● **Data shown**
════════

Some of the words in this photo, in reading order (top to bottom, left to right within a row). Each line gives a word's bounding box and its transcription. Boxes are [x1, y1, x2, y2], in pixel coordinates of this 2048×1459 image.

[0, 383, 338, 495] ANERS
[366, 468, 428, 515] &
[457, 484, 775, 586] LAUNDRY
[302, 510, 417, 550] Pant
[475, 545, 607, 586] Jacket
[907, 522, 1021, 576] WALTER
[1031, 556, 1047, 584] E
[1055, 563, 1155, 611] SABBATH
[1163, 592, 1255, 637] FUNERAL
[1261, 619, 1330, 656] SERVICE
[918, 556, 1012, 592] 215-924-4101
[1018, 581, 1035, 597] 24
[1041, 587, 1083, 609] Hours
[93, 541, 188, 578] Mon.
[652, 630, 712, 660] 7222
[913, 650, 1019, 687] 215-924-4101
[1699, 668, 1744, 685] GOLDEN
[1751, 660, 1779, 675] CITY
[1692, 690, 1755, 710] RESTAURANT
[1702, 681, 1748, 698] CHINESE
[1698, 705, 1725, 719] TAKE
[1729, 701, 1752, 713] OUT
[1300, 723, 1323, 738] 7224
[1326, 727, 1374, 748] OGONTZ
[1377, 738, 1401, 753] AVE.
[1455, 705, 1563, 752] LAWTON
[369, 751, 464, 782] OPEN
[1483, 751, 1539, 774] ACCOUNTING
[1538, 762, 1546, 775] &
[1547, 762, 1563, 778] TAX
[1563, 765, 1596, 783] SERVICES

════════

● **Goal of the exercise**
Write out the material above exactly and in full.

● **Response to the task**
Some of the words in this photo, in reading order (top to bottom, left to right within a row). Each line gives a word's bounding box and its transcription. Boxes are [x1, y1, x2, y2], in pixel coordinates of this 2048×1459 image.

[0, 383, 338, 495] ANERS
[366, 468, 428, 515] &
[457, 484, 775, 586] LAUNDRY
[302, 510, 417, 550] Pant
[475, 545, 607, 586] Jacket
[907, 522, 1021, 576] WALTER
[1031, 556, 1047, 584] E
[1055, 563, 1155, 611] SABBATH
[1163, 592, 1255, 637] FUNERAL
[1261, 619, 1330, 656] SERVICE
[918, 556, 1012, 592] 215-924-4101
[1018, 581, 1035, 597] 24
[1041, 587, 1083, 609] Hours
[93, 541, 188, 578] Mon.
[652, 630, 712, 660] 7222
[913, 650, 1019, 687] 215-924-4101
[1699, 668, 1744, 685] GOLDEN
[1751, 660, 1779, 675] CITY
[1692, 690, 1755, 710] RESTAURANT
[1702, 681, 1748, 698] CHINESE
[1698, 705, 1725, 719] TAKE
[1729, 701, 1752, 713] OUT
[1300, 723, 1323, 738] 7224
[1326, 727, 1374, 748] OGONTZ
[1377, 738, 1401, 753] AVE.
[1455, 705, 1563, 752] LAWTON
[369, 751, 464, 782] OPEN
[1483, 751, 1539, 774] ACCOUNTING
[1538, 762, 1546, 775] &
[1547, 762, 1563, 778] TAX
[1563, 765, 1596, 783] SERVICES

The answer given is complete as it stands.